THE TASK:
Please restate each entry word for word and leave the pictures out.

RECORD SET:
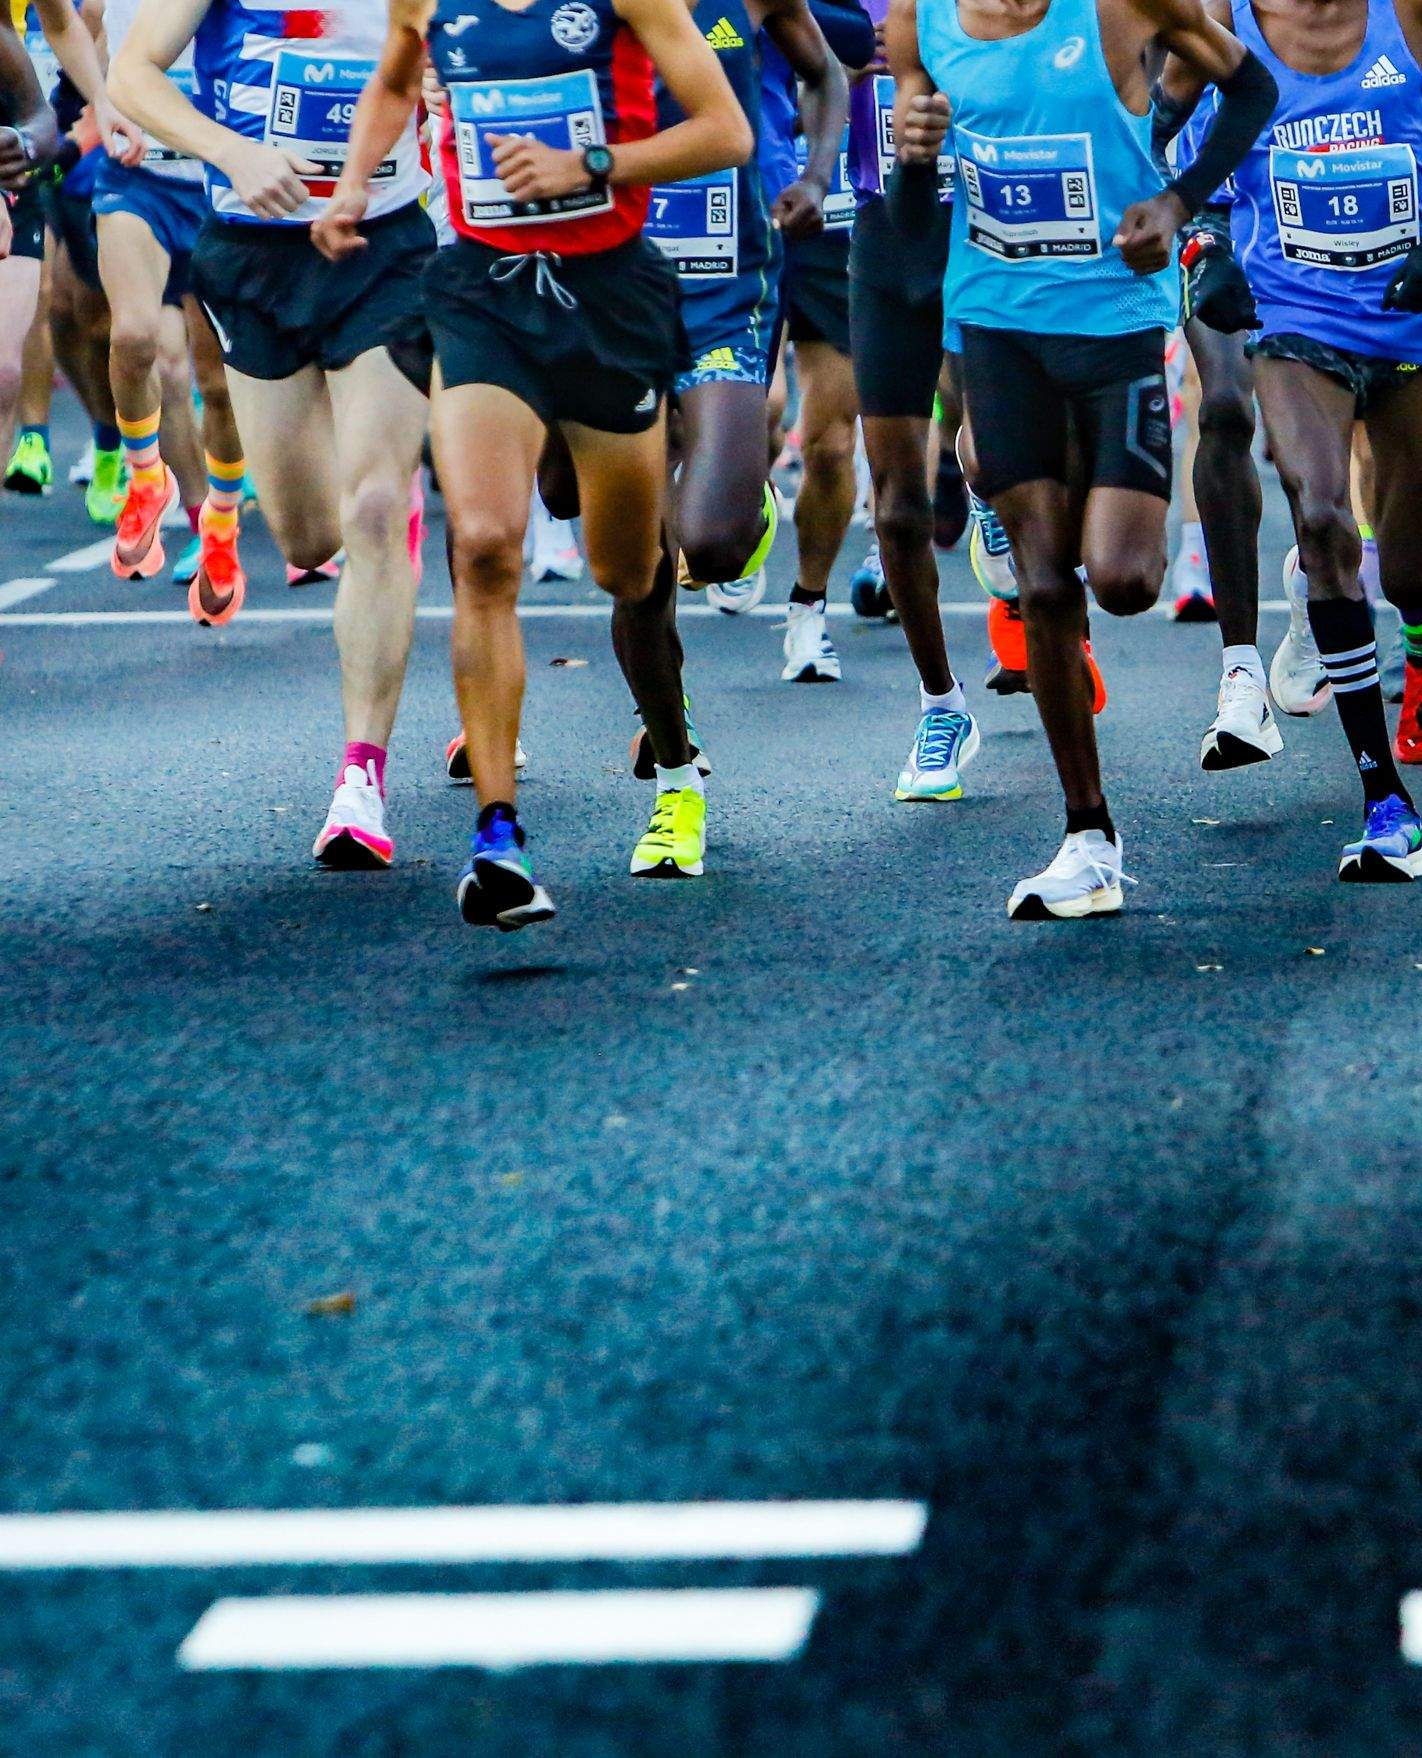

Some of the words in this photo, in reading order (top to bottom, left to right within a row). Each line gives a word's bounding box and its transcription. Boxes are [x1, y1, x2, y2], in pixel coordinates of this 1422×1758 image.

[1361, 73, 1406, 89] adidas
[1331, 160, 1383, 174] Movistar
[1000, 184, 1032, 207] 13
[1328, 195, 1359, 217] 18
[1052, 244, 1092, 252] MADRID
[1333, 239, 1360, 248] Wisley
[1378, 241, 1412, 258] MADRID
[690, 261, 728, 270] MADRID

SOLUTION FOR THIS PROBLEM:
Some of the words in this photo, in reading order (top to bottom, left to right within a row). Each line gives a word's bounding box and its transcription. Boxes are [x1, y1, x2, y2], in pixel coordinates of this 1422×1758 image.

[1361, 73, 1406, 89] adidas
[1331, 160, 1383, 174] Movistar
[1000, 184, 1032, 207] 13
[1328, 195, 1359, 217] 18
[1052, 244, 1092, 252] MADRID
[1333, 239, 1360, 248] Wisley
[1378, 241, 1412, 258] MADRID
[690, 261, 728, 270] MADRID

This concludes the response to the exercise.